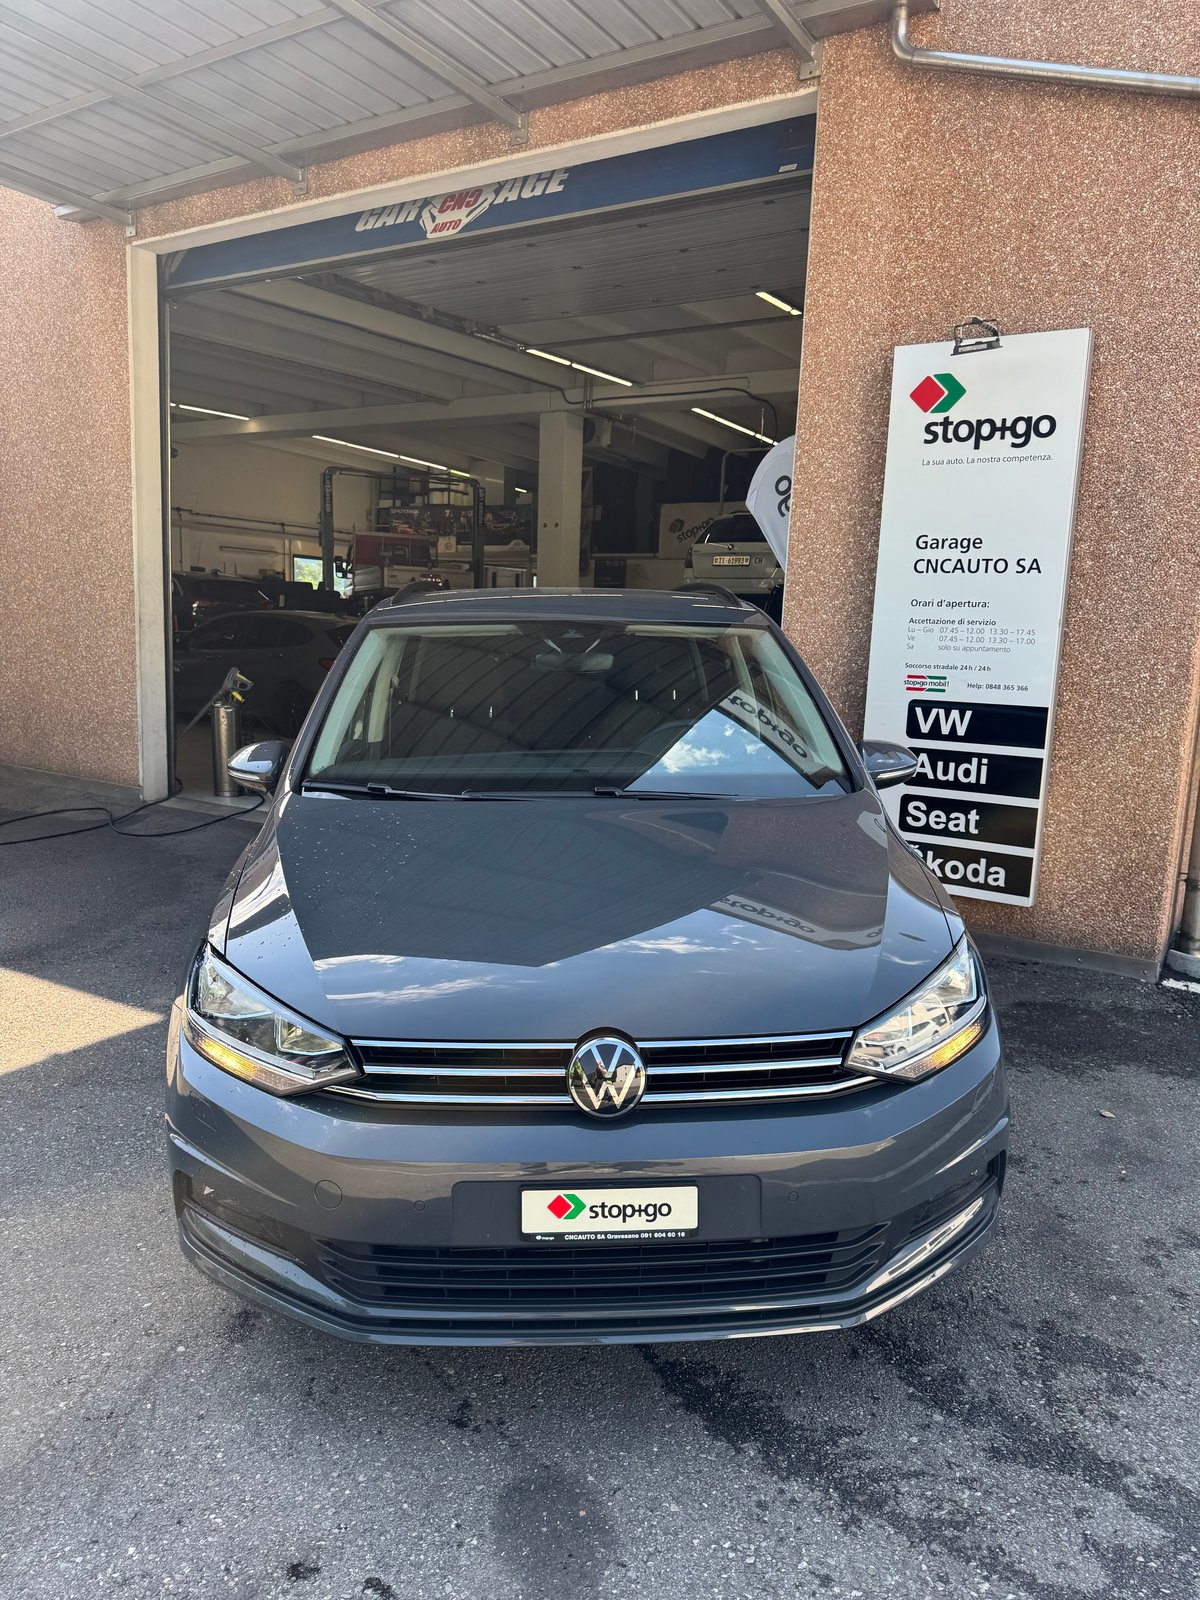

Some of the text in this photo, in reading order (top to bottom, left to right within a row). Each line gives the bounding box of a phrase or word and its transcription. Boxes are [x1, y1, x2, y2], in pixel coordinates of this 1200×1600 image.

[430, 218, 463, 235] AUTO
[923, 414, 1057, 451] stop+go
[966, 456, 975, 464] La
[976, 456, 1001, 464] nostra
[1002, 454, 1053, 464] competenza.
[915, 534, 984, 554] Garage
[913, 558, 1042, 574] CNCAUTO SA
[910, 598, 935, 608] Orari
[938, 635, 958, 643] 07.45
[1016, 637, 1036, 645] 17.00
[961, 645, 1011, 653] appuntamento
[933, 663, 959, 671] stradale
[967, 682, 983, 690] Help:
[1016, 684, 1029, 692] 366
[914, 707, 973, 737] VW
[912, 752, 989, 785] Audi
[905, 800, 980, 835] Seat
[589, 1201, 672, 1223] stop+go
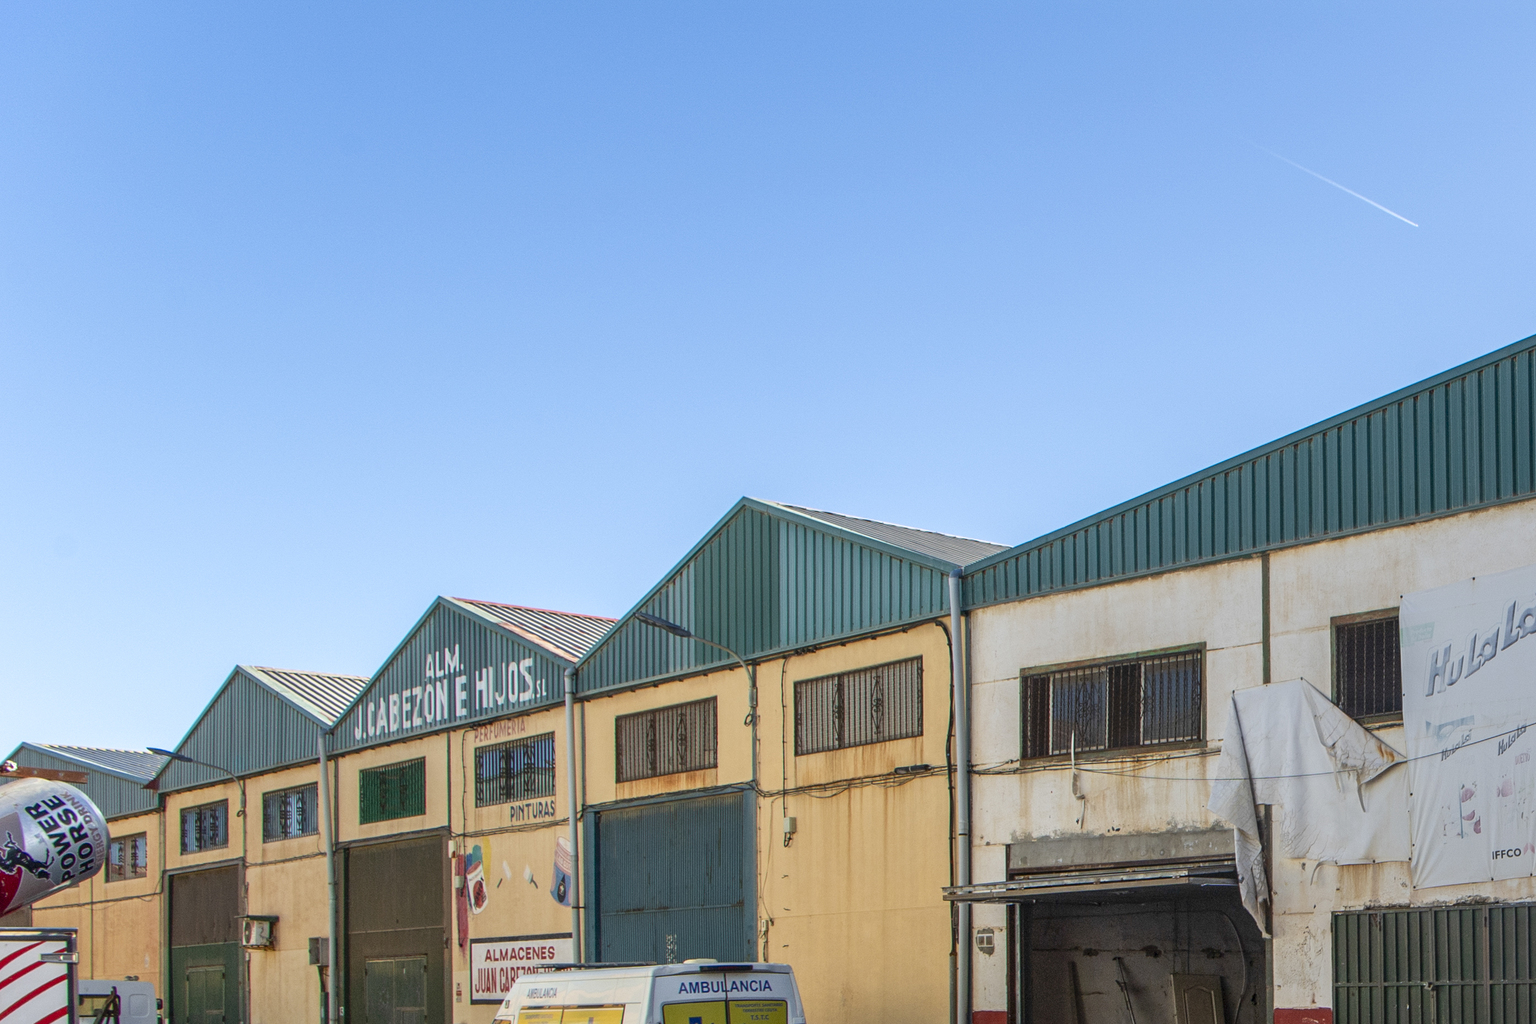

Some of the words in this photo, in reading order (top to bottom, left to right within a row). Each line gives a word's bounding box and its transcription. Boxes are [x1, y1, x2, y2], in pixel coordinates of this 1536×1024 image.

[425, 644, 464, 679] ALM.
[455, 675, 467, 717] E
[474, 717, 526, 743] PERFUMERIA
[61, 791, 95, 825] DRINK
[510, 800, 556, 822] PINTURAS
[24, 802, 76, 883] POWER
[41, 794, 95, 876] HORSE
[1491, 848, 1522, 860] IFFCO
[484, 946, 556, 963] ALMACENES
[475, 966, 497, 994] JUAN
[678, 980, 773, 994] AMBULANCIA
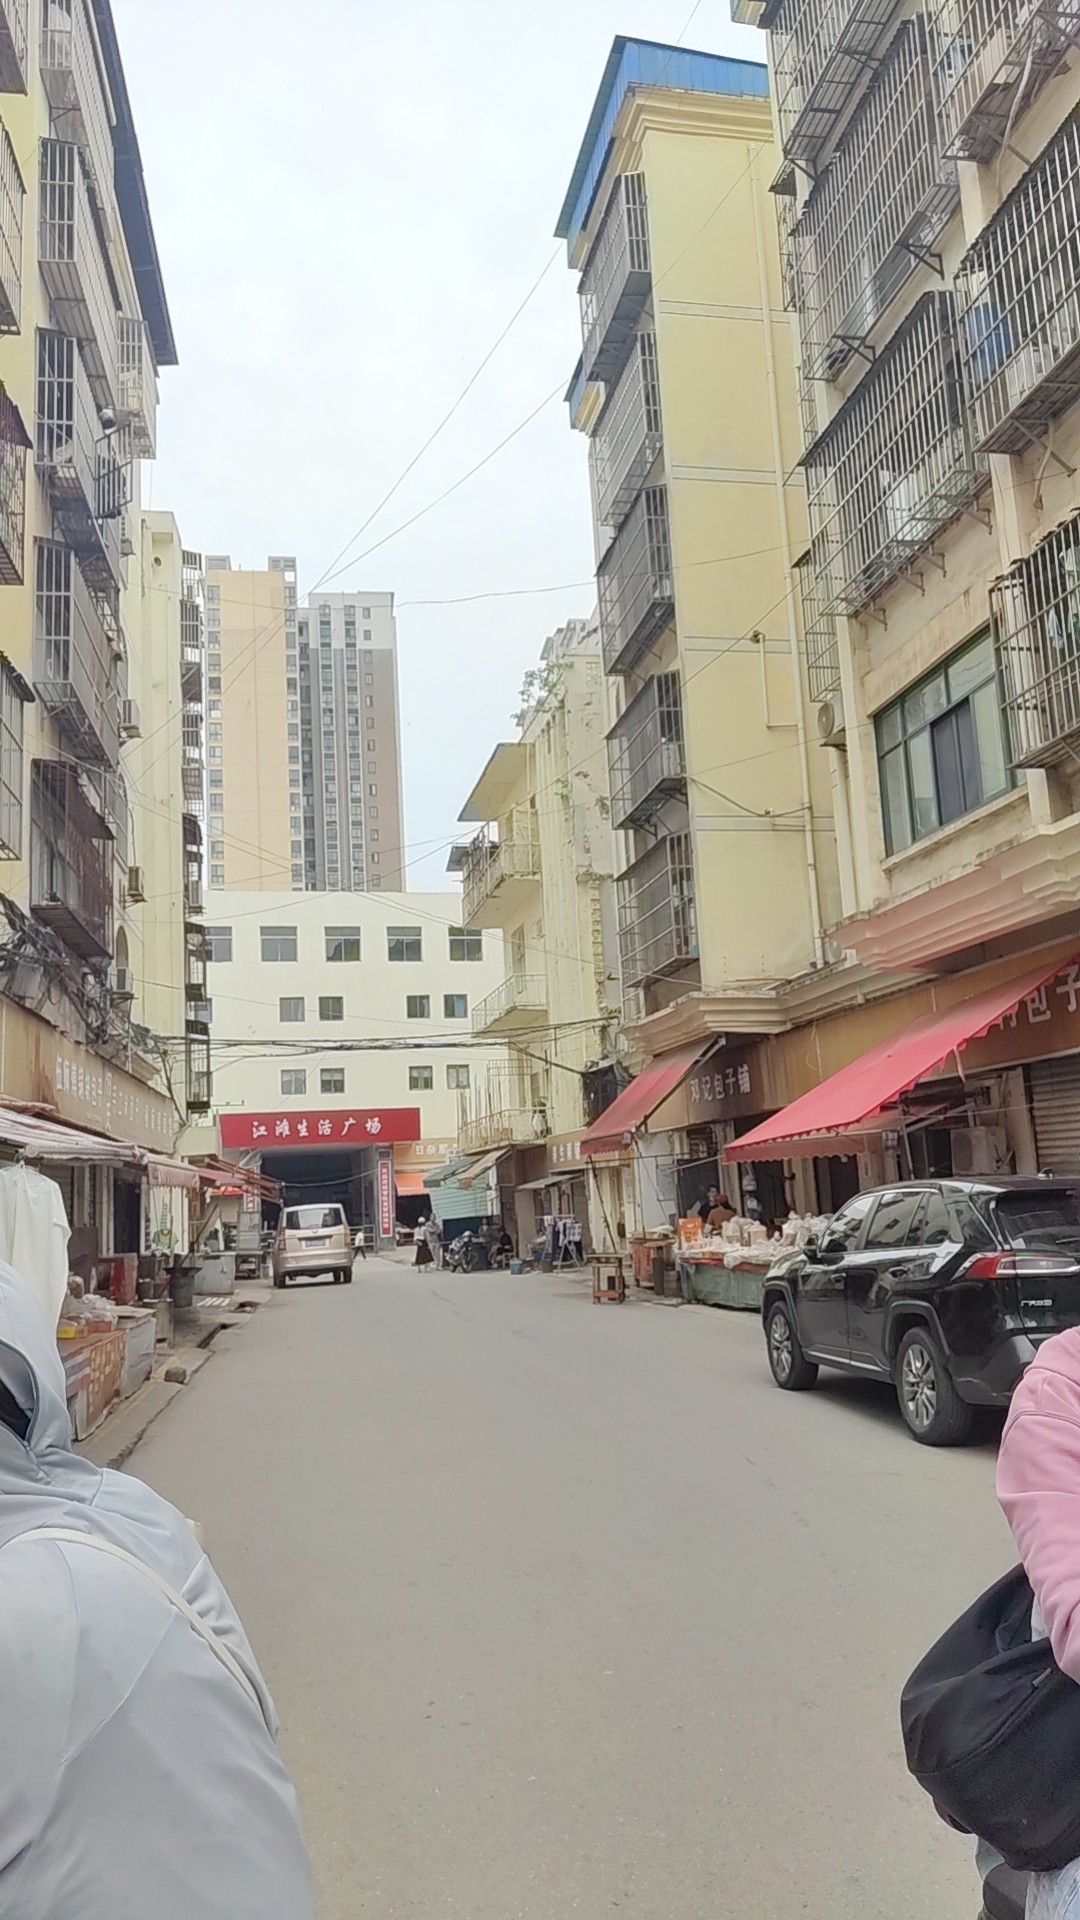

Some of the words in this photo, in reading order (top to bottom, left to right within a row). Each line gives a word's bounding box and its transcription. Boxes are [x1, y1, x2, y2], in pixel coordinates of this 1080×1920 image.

◆ ◆ ◆

=== HOW TO COMPLETE THIS TASK ===
Without any of its images, the data above should be returned exactly.

=== OUTPUT OF THE EXERCISE ===
Some of the text in this photo, in reading order (top to bottom, left to right within a row). Each line gives the bounding box of a phrase or word and its transcription. Boxes are [x1, y1, x2, y2], in pixel coordinates of this 1200×1600 image.

[430, 218, 463, 235] AUTO
[923, 414, 1057, 451] stop+go
[966, 456, 975, 464] La
[976, 456, 1001, 464] nostra
[1002, 454, 1053, 464] competenza.
[915, 534, 984, 554] Garage
[913, 558, 1042, 574] CNCAUTO SA
[910, 598, 935, 608] Orari
[938, 635, 958, 643] 07.45
[1016, 637, 1036, 645] 17.00
[961, 645, 1011, 653] appuntamento
[933, 663, 959, 671] stradale
[967, 682, 983, 690] Help:
[1016, 684, 1029, 692] 366
[914, 707, 973, 737] VW
[912, 752, 989, 785] Audi
[905, 800, 980, 835] Seat
[589, 1201, 672, 1223] stop+go

Some of the words in this photo, in reading order (top to bottom, left to right within a row). Each line gives a word's bounding box and its transcription. Boxes are [x1, y1, x2, y2], in pixel coordinates of this 1536×1024 image.

[425, 644, 464, 679] ALM.
[455, 675, 467, 717] E
[474, 717, 526, 743] PERFUMERIA
[61, 791, 95, 825] DRINK
[510, 800, 556, 822] PINTURAS
[24, 802, 76, 883] POWER
[41, 794, 95, 876] HORSE
[1491, 848, 1522, 860] IFFCO
[484, 946, 556, 963] ALMACENES
[475, 966, 497, 994] JUAN
[678, 980, 773, 994] AMBULANCIA

Some of the words in this photo, in reading order (top to bottom, left to right within a row). Each line gives a word's bounding box and its transcription. Boxes are [x1, y1, x2, y2], in pixel coordinates of this 1080×1920 image.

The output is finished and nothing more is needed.